Major Filipovich had been his usual cheery, concerned self: “Fucking A, Sergeant Gooding, you’re about the greenest white guy I’ve ever seen. What’s gotten into you? Or, should I say, what’s gotten
out
of you?”

“Har, har, sir.” Chance swallowed to suppress the bile rising in his throat like a hot thermometer. “Bad water is my guess.”

“I told you to stay away from the Twees and their tap water, didn’t I?”

“You did, sir.”

“Well now you’re finding out the hard way.” Filipovich grinned and held up his lunch in the Styrofoam container he’d just brought back from the dining facility. “Hey, want a bite to eat?” The sausage link and boiled cabbage were still steaming and entered fully into Chance’s nostrils as Filipovich held it out to him.

That’s when Gooding completely lost it, grabbing for the garbage can and
hurking
a stringy yellow stream of bile onto a sheaf of discarded press releases and Sig Acts.

Harkleroad sent him home, saying they’d “get by somehow” until Specialist Carnicle came on shift in five hours, and insisted he go on sick call in the morning if he wasn’t feeling better.

Fifteen hours later, he was
not
feeling better, no, not at all. His body brought him back awake at 4:30, a full two hours before the medics opened for sick-call patients.

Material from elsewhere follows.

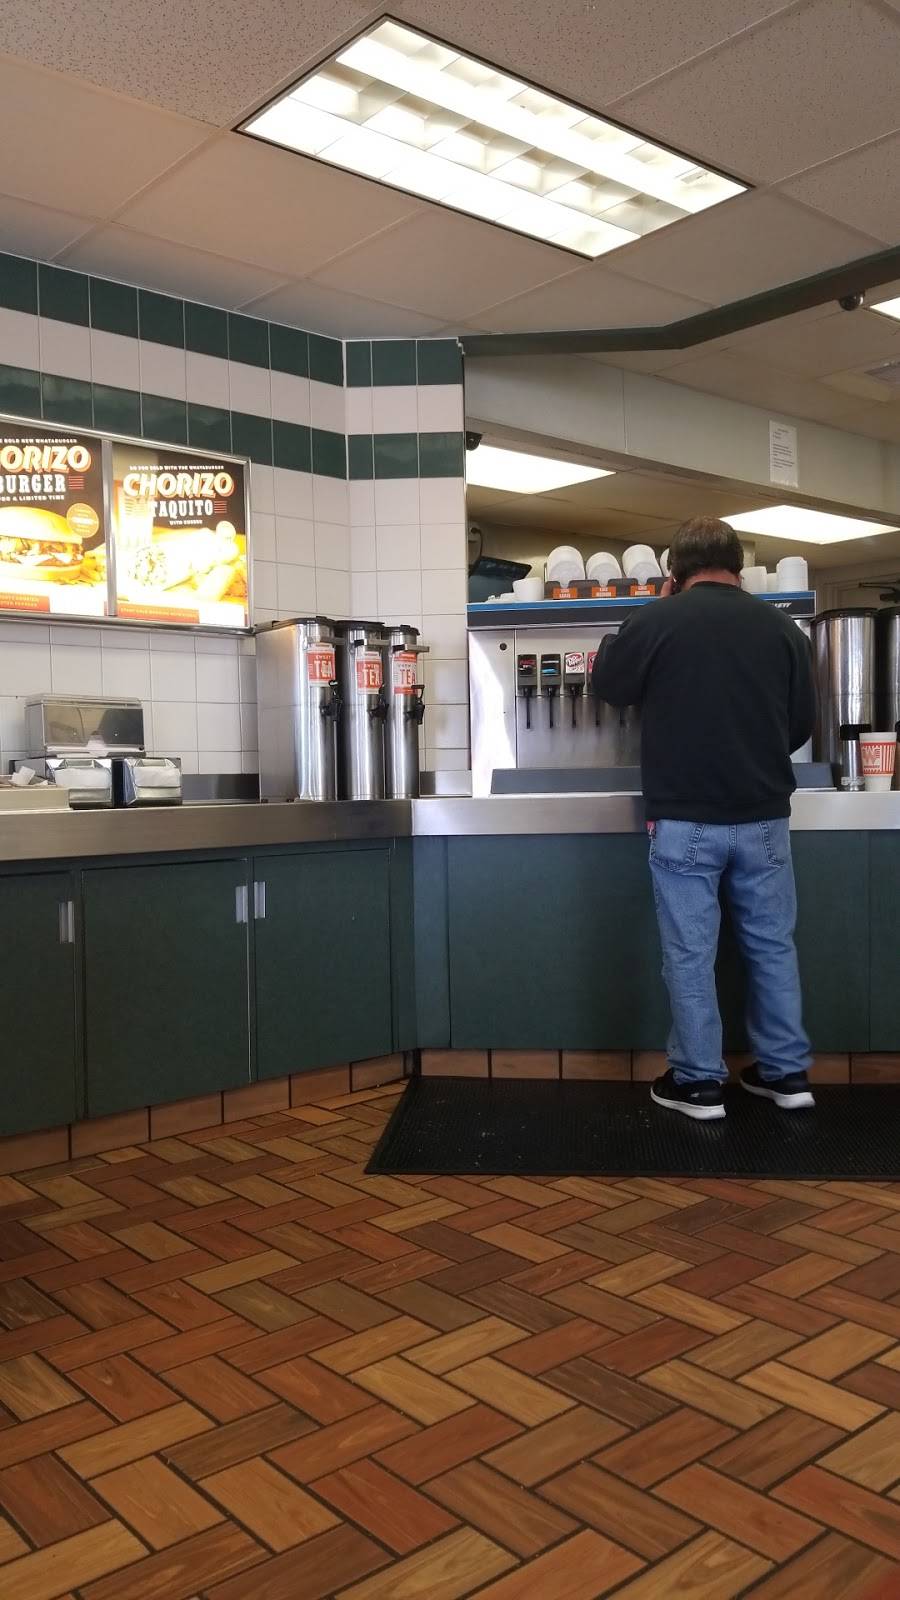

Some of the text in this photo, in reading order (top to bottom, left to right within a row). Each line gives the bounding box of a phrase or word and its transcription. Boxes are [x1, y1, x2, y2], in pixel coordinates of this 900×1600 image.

Later, he would type these words into his diary:

To write about one’s bowels is an embarrassing thing. But in this case it is necessary, in order to understand how I came to shed blood for the first—and hopefully the last—time here in Iraq. I woke up at 4:30, my body weakened from having continuously emptied itself for the last twenty-one hours. At any minute, I expected to start crapping out my stomach lining since there wasn’t so much as a crumb of food left inside me. Because the medical aid station didn’t open for another two hours, all I could do was lay there, moaning and writhing. There might have even been some gnashing of teeth. There was certainly much cursing of Twees who fill water bottles from garden hoses. Finally, when it was time, I got dressed and walked down to the aid station, which was in a trailer nine rows away. The wind was howling—okay, maybe not quite howling, but certainly letting out a mournful moan or two—and visibility was down to fifteen feet. We were smack dab in the midst of the season of dust storms that transform our little American enclave into a foreign landscape. There was so much dust (and particles of whatever crap—literally—had been stirred up and carried here from the city) that the morning sun burned everything a bright salmon-orange. Baghdad was in full-on Mars mode. I was forced to walk hunched over (which was okay by my already sore abdomen) and hold my arm in front of my face. I felt like an actor in an old MGM movie wandering the desert in search of the Lost Platoon, or maybe he’s chasing some Arab marauders who have made off with a distressed damsel, and for every two staggering steps forward he is forced to take one back, and all the time the actor is thinking to himself that if he can just make it through this scene, then C. B. DeMille will yell “Cut!” and the studio grips will turn off those giant fans and the back lot will return to normal and they can all go to the studio commissary and have midmorning martinis. I struggled through the storm and finally made it to the aid station, worried I might have contracted emphysema en route.